The firm issued an alert saying it is dropping its 12-month target from 9,500 to 8,600, and scaling down exposure stocks – particularly resource issues.

NBF says the key reasons to justify this move are: a looming liquidity squeeze; earnings expectations that are too high; and the future direction of the U.S. dollar and commodity prices.

“The just-released minutes from the last FOMC meeting show that the Fed is getting increasingly concerned by the fact that financial conditions in the U.S. remain too accommodative,” NBF says.
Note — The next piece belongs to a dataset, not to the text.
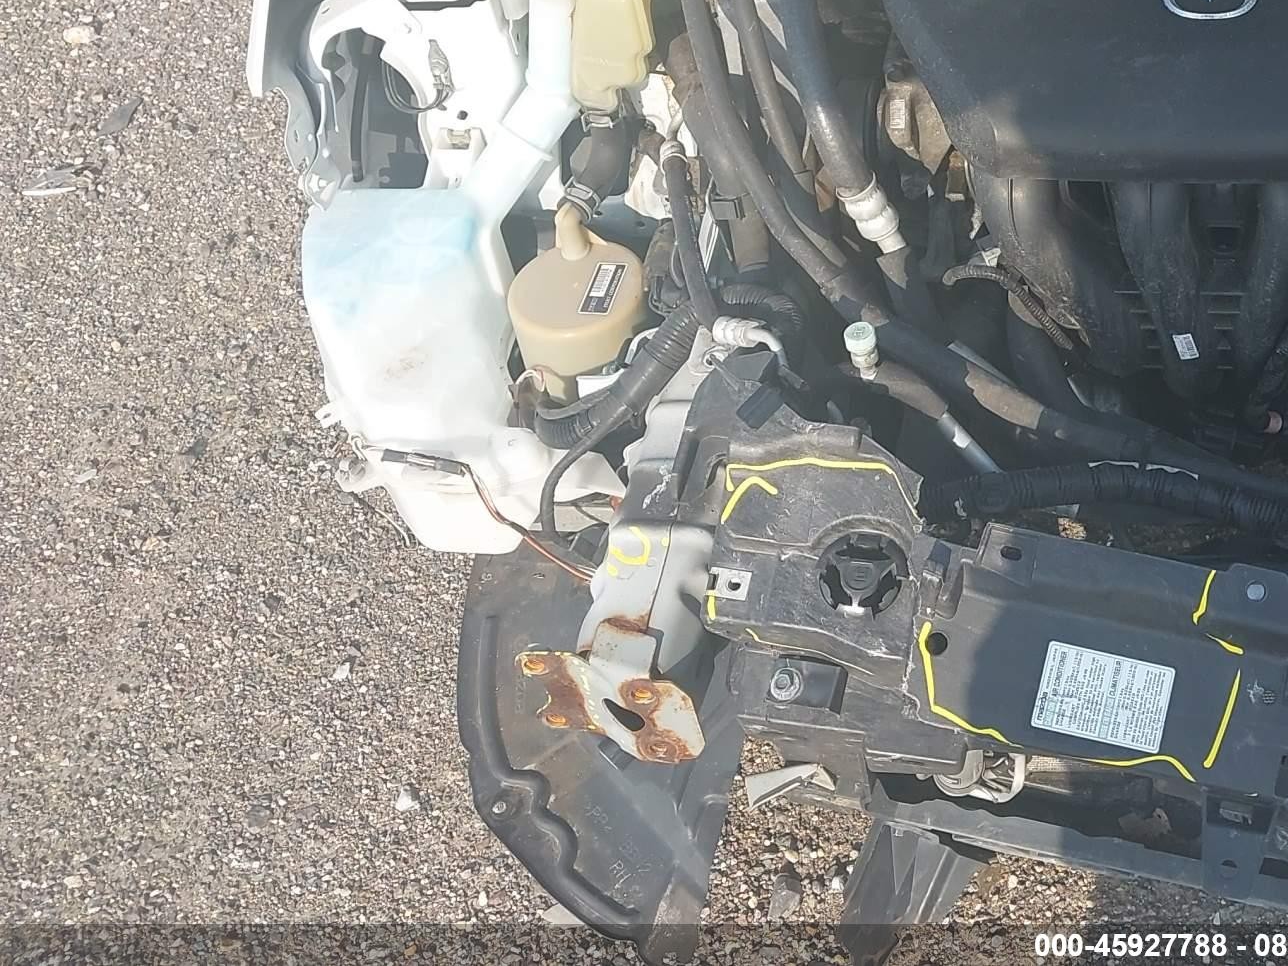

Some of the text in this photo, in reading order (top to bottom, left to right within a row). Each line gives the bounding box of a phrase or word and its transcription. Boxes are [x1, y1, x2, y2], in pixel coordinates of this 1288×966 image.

[1053, 651, 1068, 687] CONDITIONER
[1108, 661, 1123, 697] CLIMATISEUR
[1036, 690, 1049, 721] mazda
[1051, 687, 1059, 697] AIR
The minutes from the Fed’s December meeting were released yesterday.

NBF says that the December 2005 futures indicate that market participants expect only an additional 125 basis points increase in the Fed funds target rate over the coming year (to 3.5%).

“In our view, this is too much complacency and far from a neutral monetary policy stance, particularly in light of the recent acceleration in core CPI inflation (which we see at around 3% at year-end),” NBF says.

It predicts the U.S. central bank will raise the Fed funds rate to 4.50% by the end 2005. NBF also says that the Bank of Canada, “… will probably stay on the sidelines this spring but will sooner or later be forced to raise rates again (3.75% year-end target) due to strong domestic demand, particularly if we see the loonie under pressure due to emerging CAN-US negative spreads.”

Given the evolving interest rate scenario, NBF also believes that earnings expectations are too high. “We are also poised to see downward earnings revisions on both sides of the border since we perceive that the current 10% earnings growth expectations to be at risk (flat earnings expected in Canada and a maximum 5% expected on the S&P 500),” it says.

The other big issue is commodity prices and the U.S. dollar story. “Until today, our baseline scenario relied on a 10% further decline on the greenback in order to address the huge U.S. trade deficit. Now, we believe that the Fed will instead engineer a consumption slowdown in second half of 2005 and 2006 to do the job,” NBF says.

“Bottom line, even if a further weakness is not completely excluded, a more aggressive Fed tightening will limit the downside risk on the greenback (or the upside on the euro and the loonie) and induce many hedge funds to take their profits on some currencies and commodities prices (bullion, oil, nickel, etc).”

The “time is coming to scale down resources exposure to an underweight position,” NBF concludes. “Since the resource sector represents almost 35% of the S&P/TSX, we have decided to revise downward our 2005 year-end target from 9,500 to 8,600, and underweight Canadian stocks by raising our cash position from 10% to 20%.”